Elsworth has 2 trays upstairs, one covered, one open, same litter. He uses both frequently as well as the one downstairs which is also covered and has the same litter. I scooped both upstairs trays this morning and there was a poo in the tray in the spare room. I left the house around 6.20am and there was no poo, only Elsworth has access to the upstairs whilst we are out. 

I got home at 3pm, Elsa came upstairs and sat on the landing for a bit. Elsworth was milling around as usual. I heard no scuffles, no hissing, no growling but I did hear Elsworth in his litter tray not that long ago. Nothing unusual there. 

I have just gone into the spare room and there is a pile of small poos on the bed, similar consistency to Elsworth's poo but as I do not see Elsa's it could well be the same as they eat the same food. It was completely normal but definitely not "just been done" poo. 

Now my thoughts:

If it is Elsa, could it be that she needs to go to the toilet but can not get past Elsworth (she is reluctant to walk past him unless necessary) and did not want to use the tray right at the bottom of the spare bed because Elsworth uses it. 

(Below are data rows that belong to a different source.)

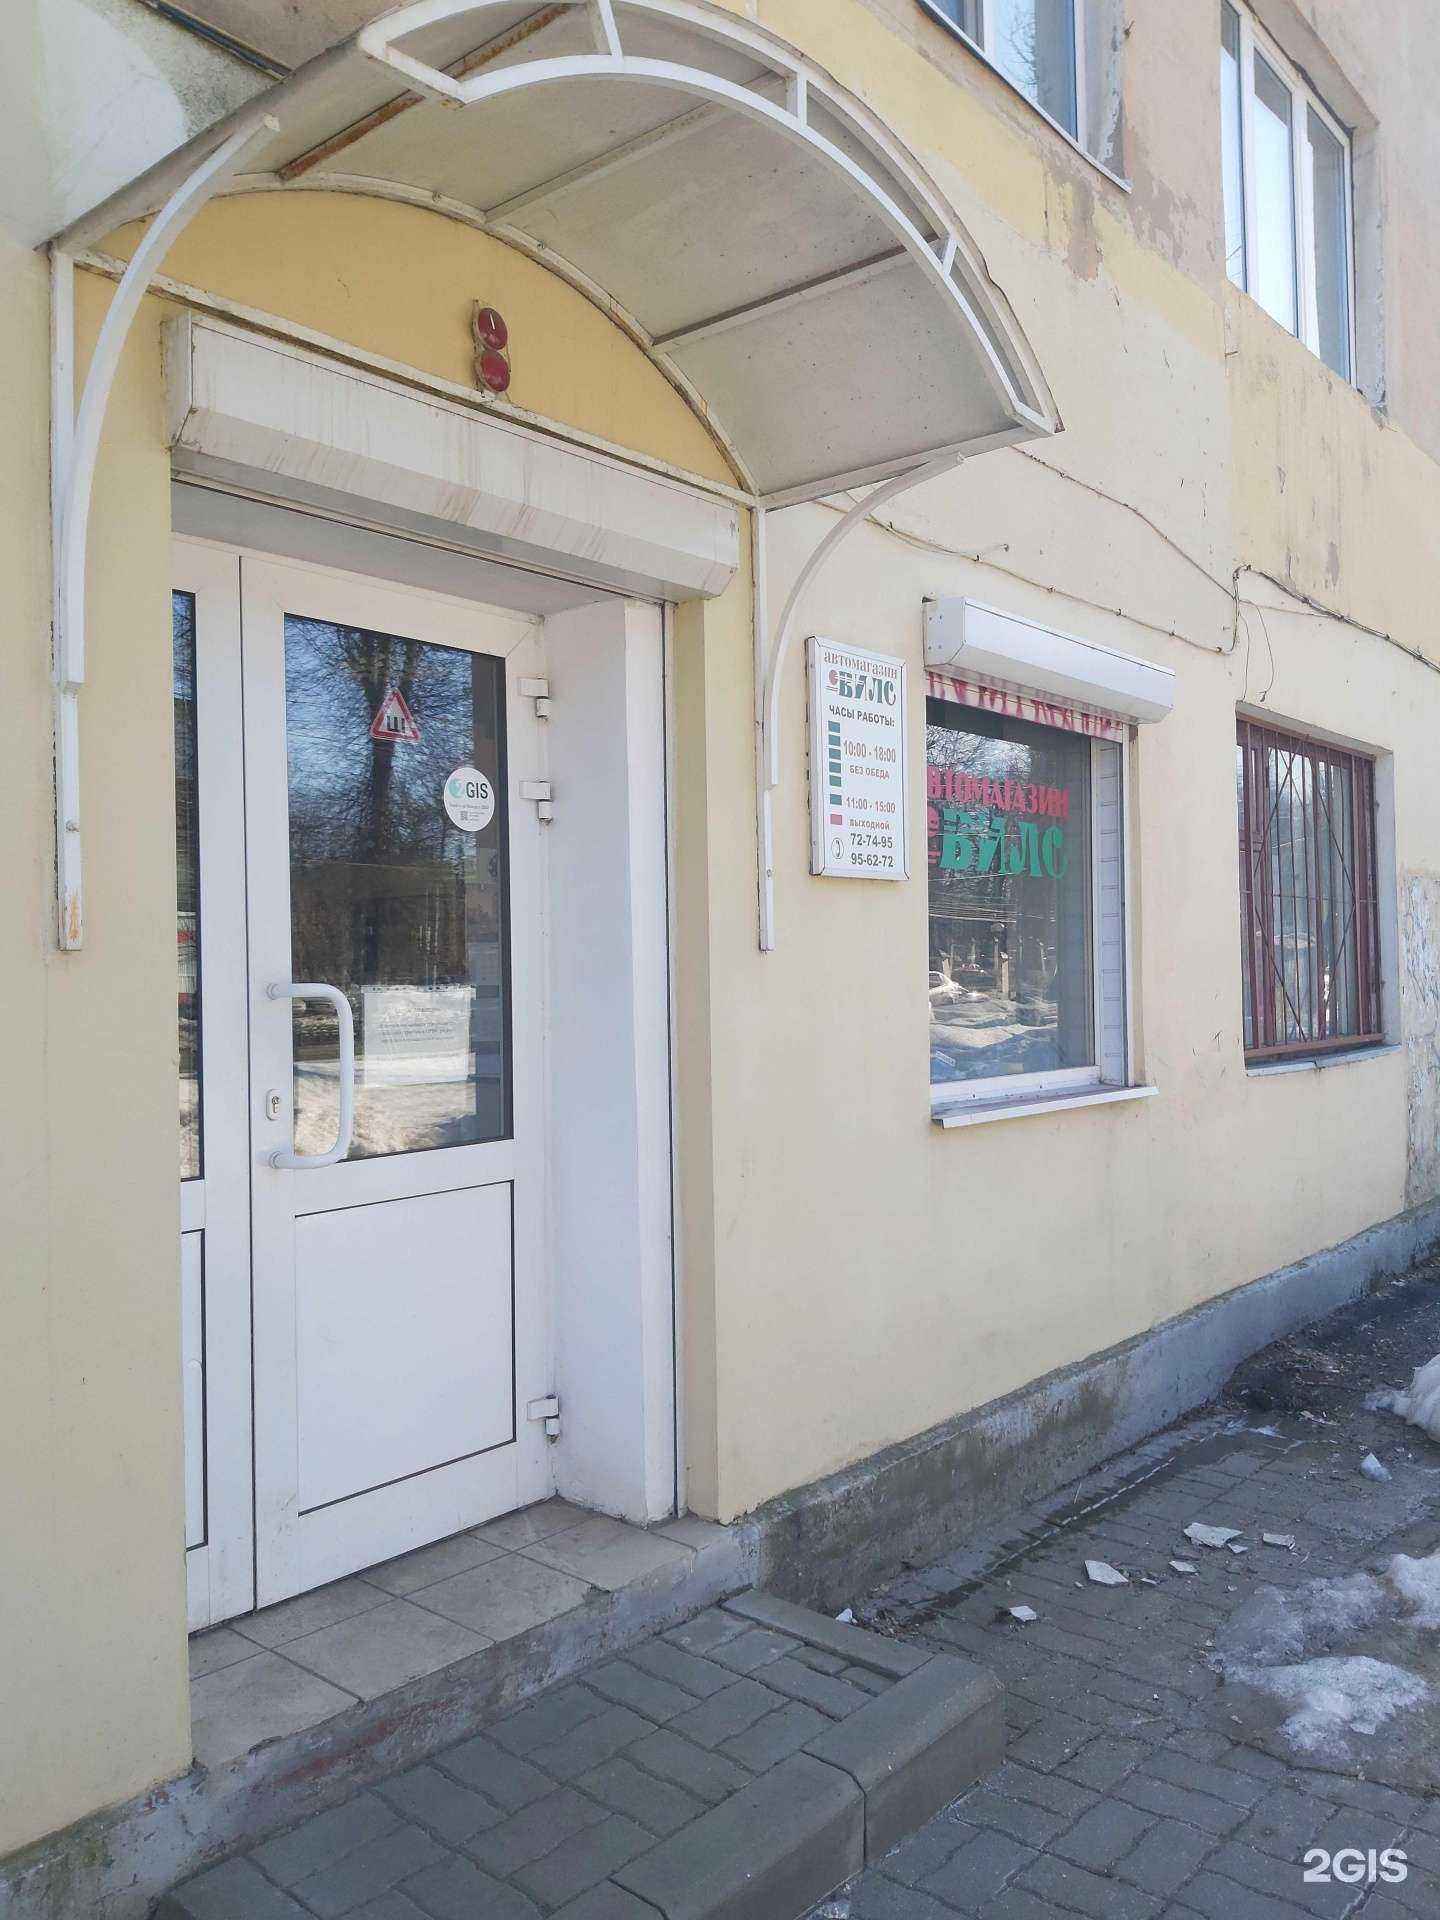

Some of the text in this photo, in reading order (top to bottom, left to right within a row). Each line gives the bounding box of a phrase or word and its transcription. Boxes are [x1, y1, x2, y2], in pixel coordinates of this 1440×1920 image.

[824, 651, 898, 680] автомагазин
[829, 704, 895, 727] ЧАСЫ РАБОТЫ:
[844, 740, 867, 758] 10:00
[875, 745, 896, 763] 18:00
[849, 764, 890, 779] БЕЗ ОБЕДА
[927, 764, 1069, 817] ВТОМАГАЗИН
[846, 796, 868, 810] 11:00
[850, 832, 893, 848] 72-74-95
[851, 852, 894, 868] 95-62-72
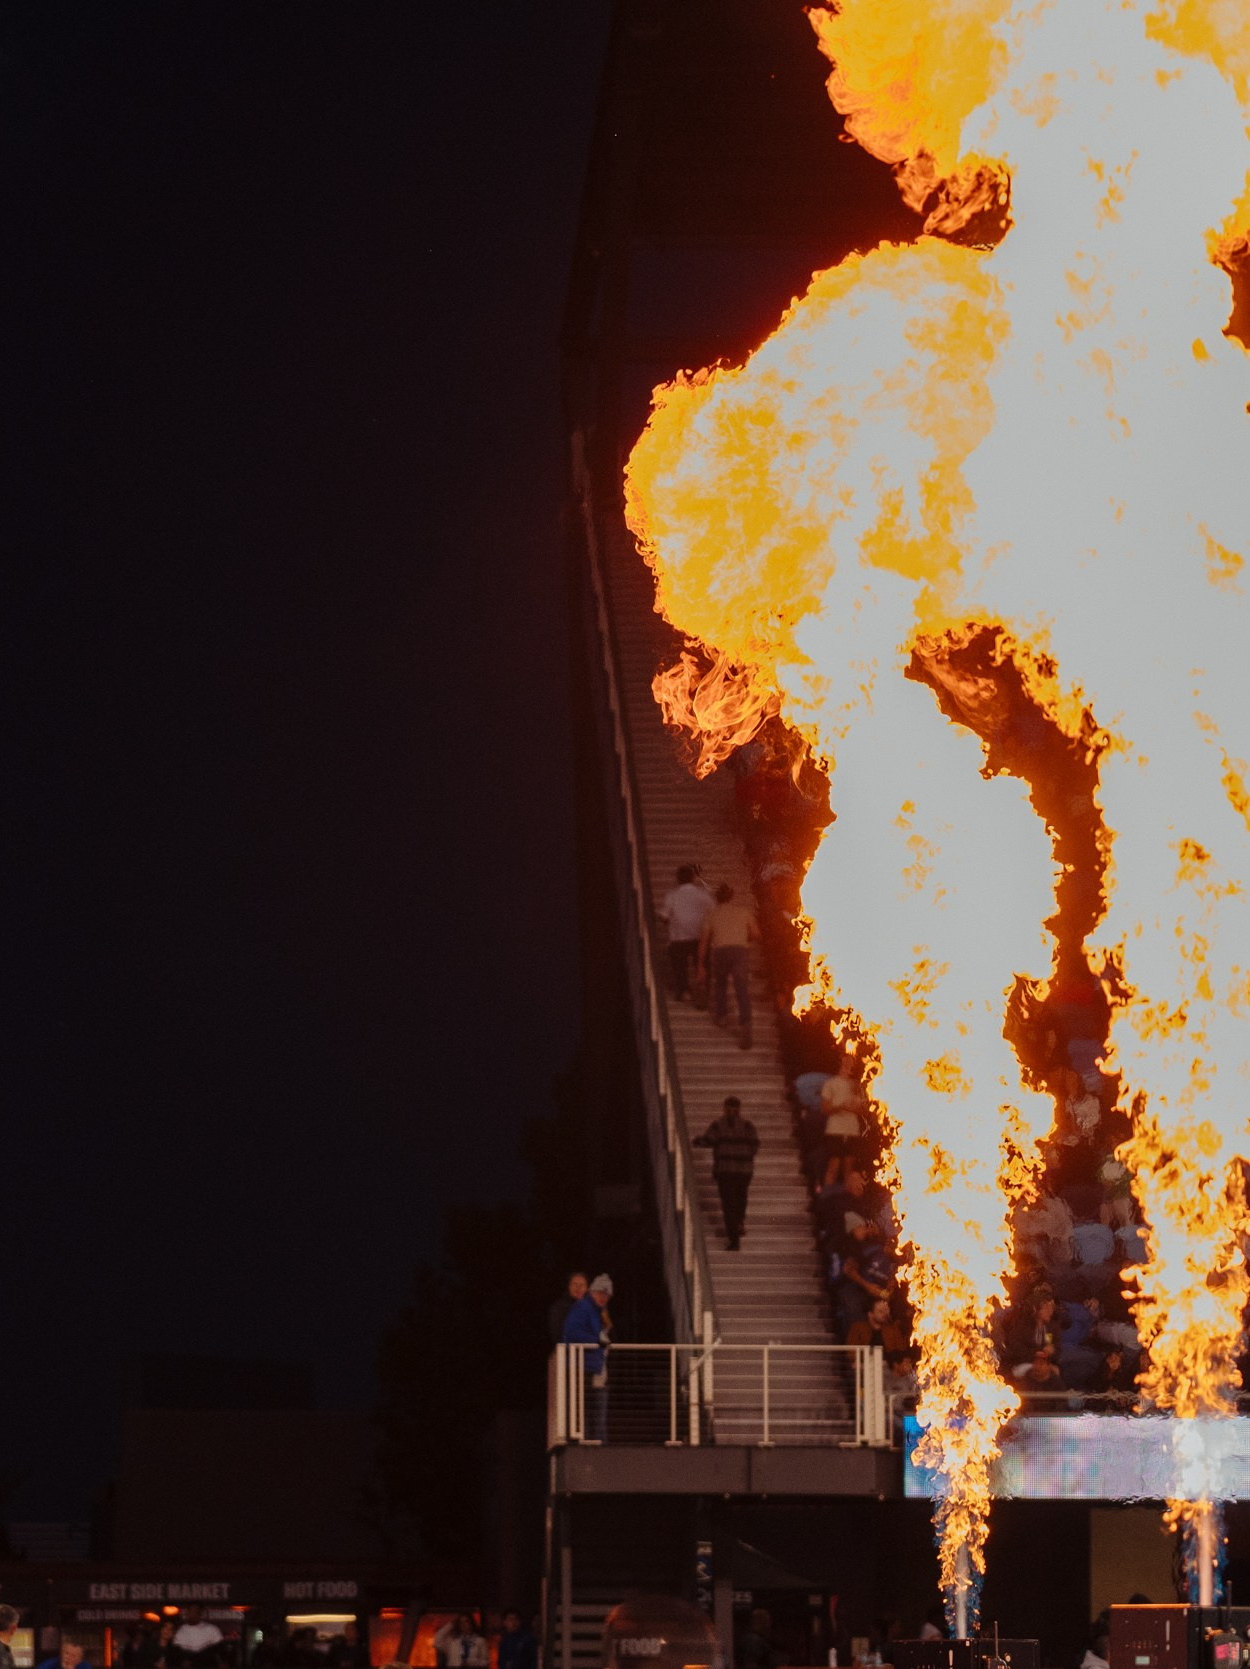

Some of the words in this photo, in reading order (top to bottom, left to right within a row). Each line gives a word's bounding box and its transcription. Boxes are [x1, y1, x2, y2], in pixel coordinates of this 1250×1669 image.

[89, 1583, 127, 1600] EAST
[130, 1583, 164, 1600] SIDE
[167, 1583, 230, 1600] MARKET
[284, 1581, 314, 1598] HOT
[317, 1581, 358, 1598] FOOD
[621, 1638, 661, 1656] FOOD

If it is Elsa, is she protesting because of Elsworth? He has been here nearly 3 months, no other sign of a poo apart from one downstairs ages ago. It looked a bit suspect like it had dead animal in it so I wondered if perhaps Elsa needed to go as she is the only one who I have seen eat her catch. If she was that desperate that she couldn't make it a couple of metres to the tray or the cat flap would it not have been runny?

Would she not have started protesting before now? Nothing has changed, he has actually got better with her and she is less hissy and growly at him. 

If it is Elsworth why am I seeing regular poos in the tray? 

Is he protesting at being left alone? Starting from Friday I was in most of the day, Saturday the same but I had a friend over. Elsworth didn't like her and kept hissing, Elsa has met her before and didn't seem fussed. Friend went home on Sunday. 

Hubs went away on Saturday night and I worked the late shift Sunday, Monday, Tuesday, was off Wednesday and have been at work on the early today. Hubs got back on Tuesday evening and has done the usual full day at work today. 

Since Elsworth arrived I have made sure he got used to being left alone. I went back to work after 2 weeks and do a mixture of lates and earlies. He has been left alone more than usual this week due to an unfortunate timing of my shifts and hubs being away. He has always had the upstairs and the other two the downstairs, cat flap is always locked when we are at home and we let the cats out manually. 

Should I stop Elsa from being upstairs when I am unable to keep an eye on her and the same for Elsworth downstairs so that if it happens again I know which one it is? 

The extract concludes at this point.